[REQUIRED WORK] Leaving the images aside, print every record in the material exactly.
══ DATASET ══
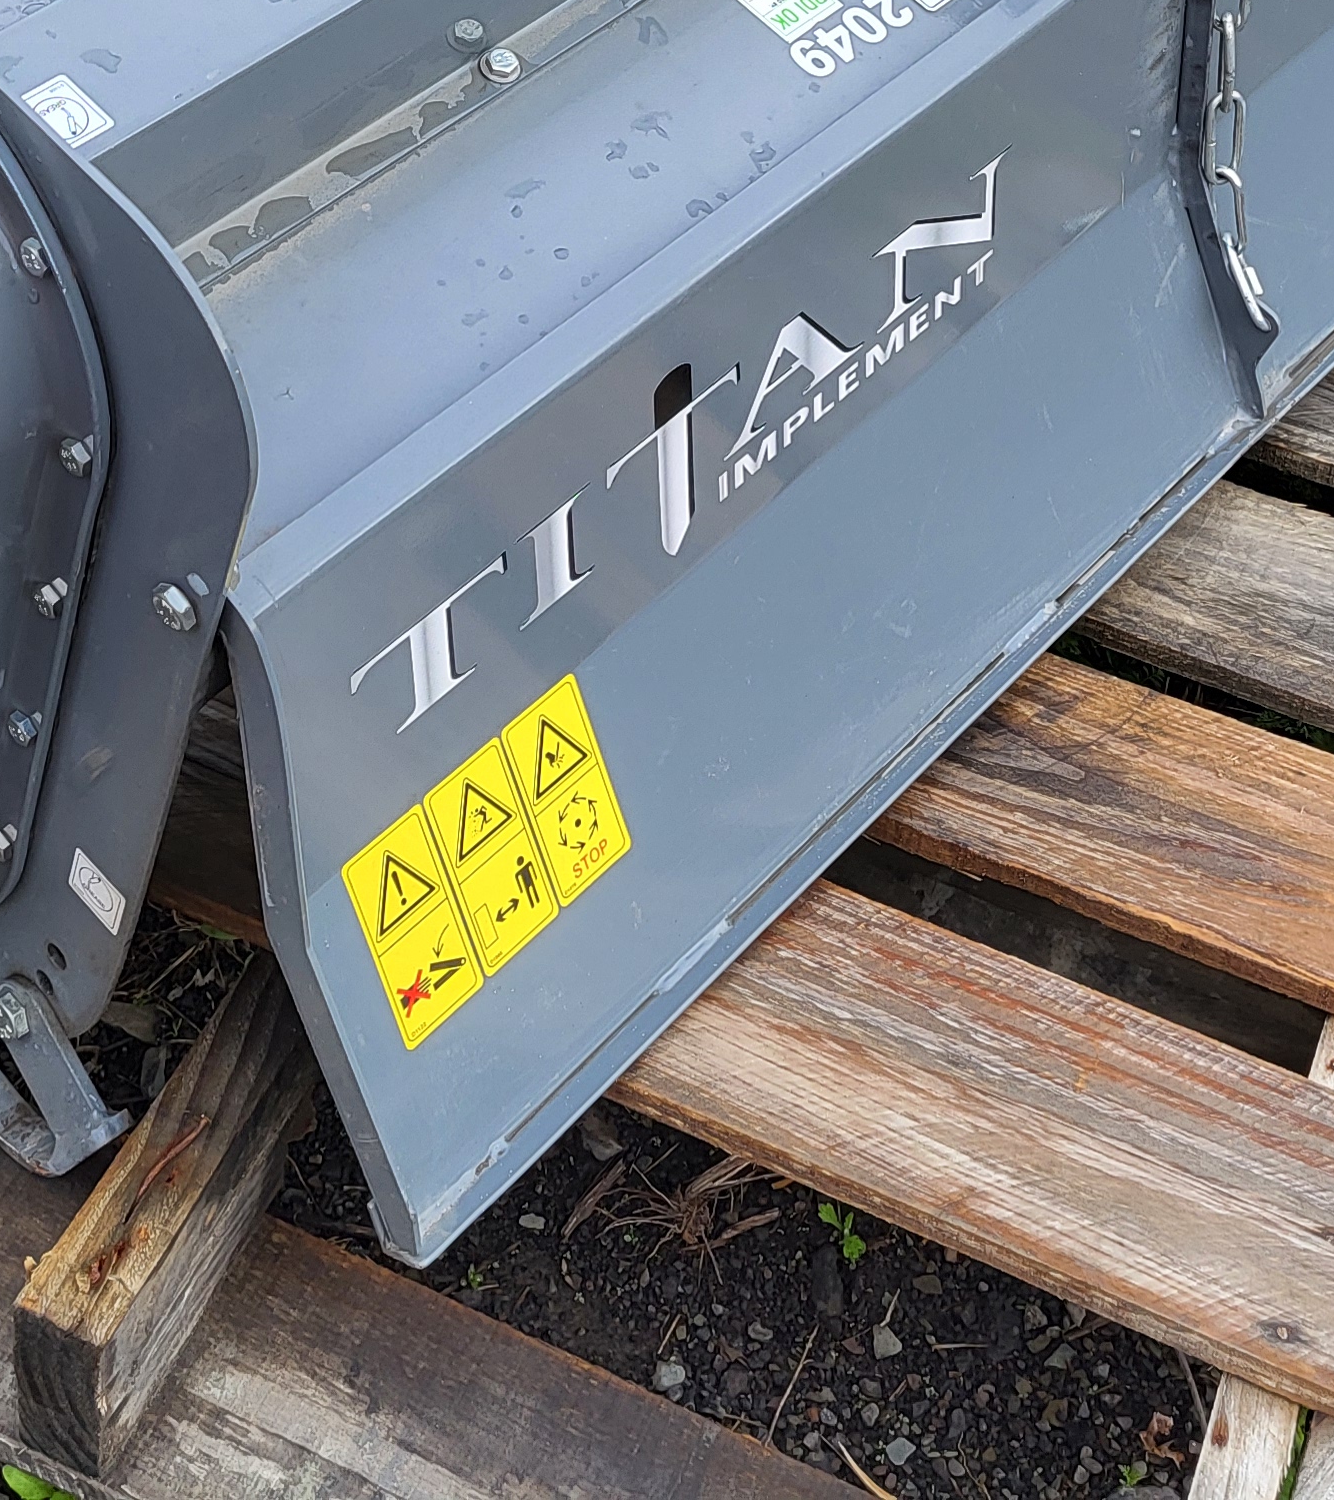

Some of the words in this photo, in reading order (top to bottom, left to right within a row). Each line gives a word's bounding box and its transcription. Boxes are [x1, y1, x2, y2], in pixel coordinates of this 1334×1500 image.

[770, 7, 799, 29] OK
[349, 144, 1013, 733] TITAN
[718, 248, 995, 503] IMPLEMENT
[572, 837, 609, 880] STOP
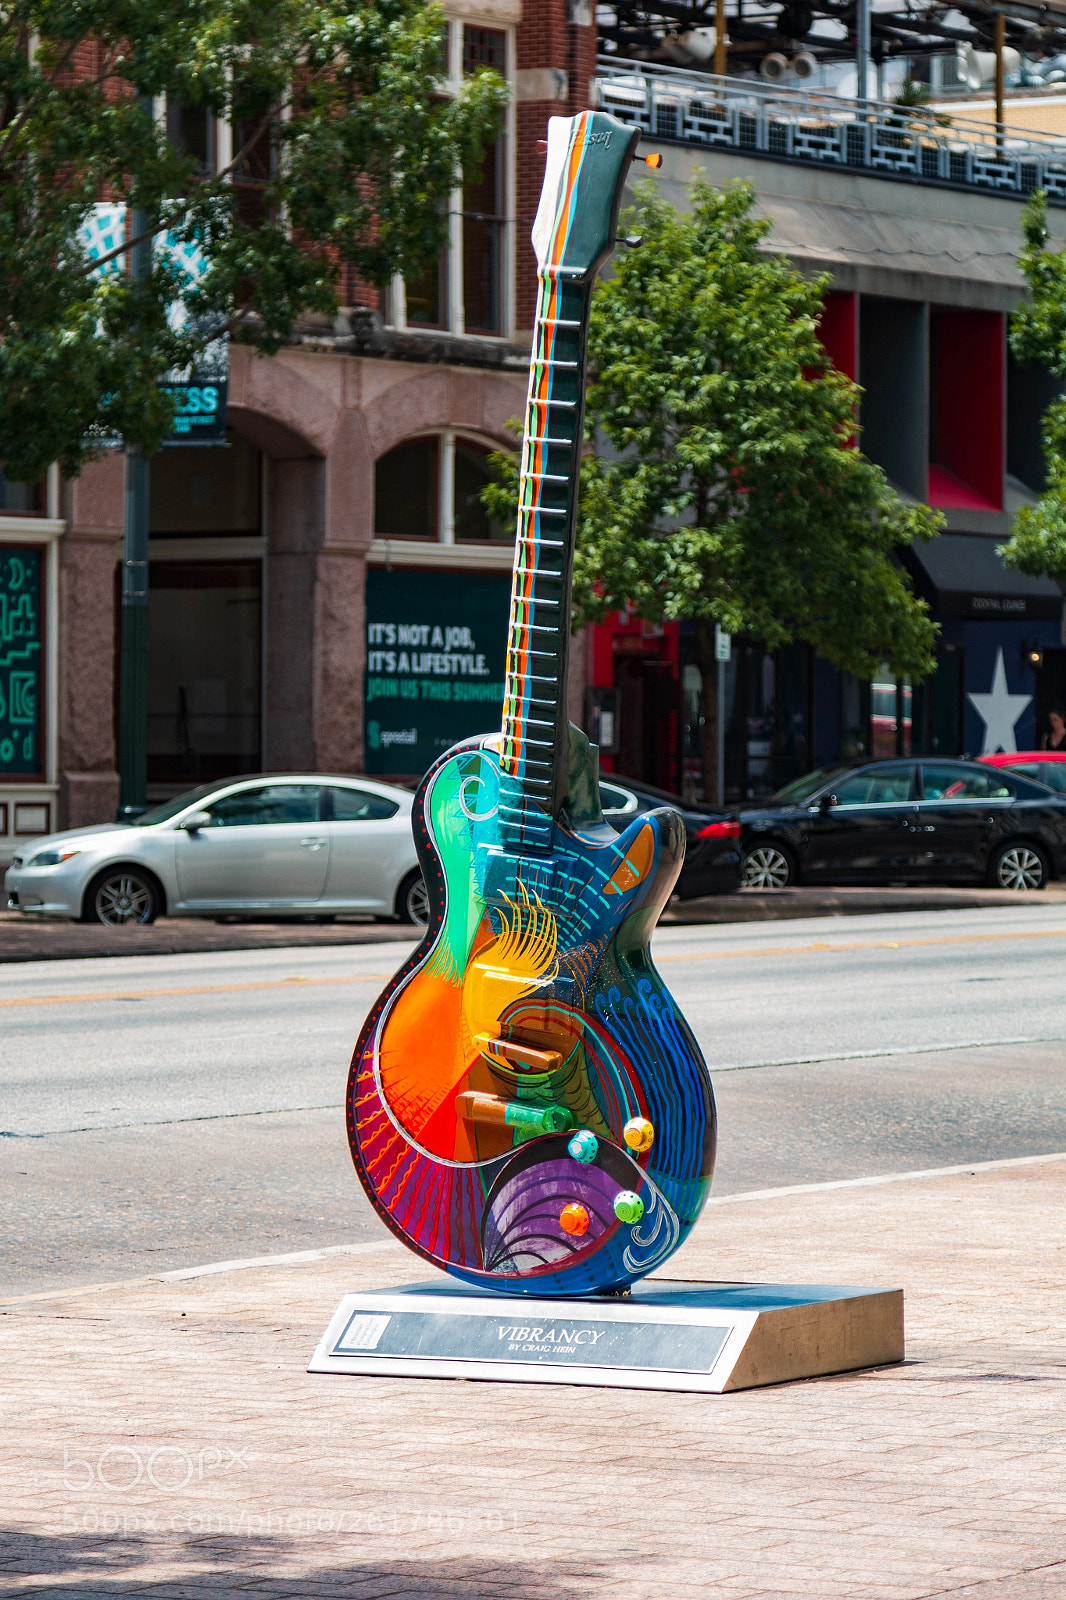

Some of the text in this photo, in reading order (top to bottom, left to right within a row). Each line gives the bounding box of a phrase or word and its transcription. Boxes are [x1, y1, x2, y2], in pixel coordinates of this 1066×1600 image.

[368, 623, 475, 651] IT'S NOT A JOB,
[368, 650, 490, 676] IT'S A LIFESTYLE.
[367, 677, 399, 702] JOIN
[400, 679, 419, 698] US
[420, 680, 452, 700] THIS
[498, 1326, 606, 1345] VIBRANCY
[508, 1343, 577, 1354] BY CRAIG HEIN
═══
[FINAL ANSWER]
Some of the words in this photo, in reading order (top to bottom, left to right within a row). Each line gives a word's bounding box and its transcription. Boxes are [x1, y1, x2, y2], in pixel coordinates of this 1334×1500 image.

[770, 7, 799, 29] OK
[349, 144, 1013, 733] TITAN
[718, 248, 995, 503] IMPLEMENT
[572, 837, 609, 880] STOP

Some of the text in this photo, in reading order (top to bottom, left to right within a row). Each line gives the bounding box of a phrase or word and its transcription. Boxes are [x1, y1, x2, y2], in pixel coordinates of this 1066×1600 image.

[368, 623, 475, 651] IT'S NOT A JOB,
[368, 650, 490, 676] IT'S A LIFESTYLE.
[367, 677, 399, 702] JOIN
[400, 679, 419, 698] US
[420, 680, 452, 700] THIS
[498, 1326, 606, 1345] VIBRANCY
[508, 1343, 577, 1354] BY CRAIG HEIN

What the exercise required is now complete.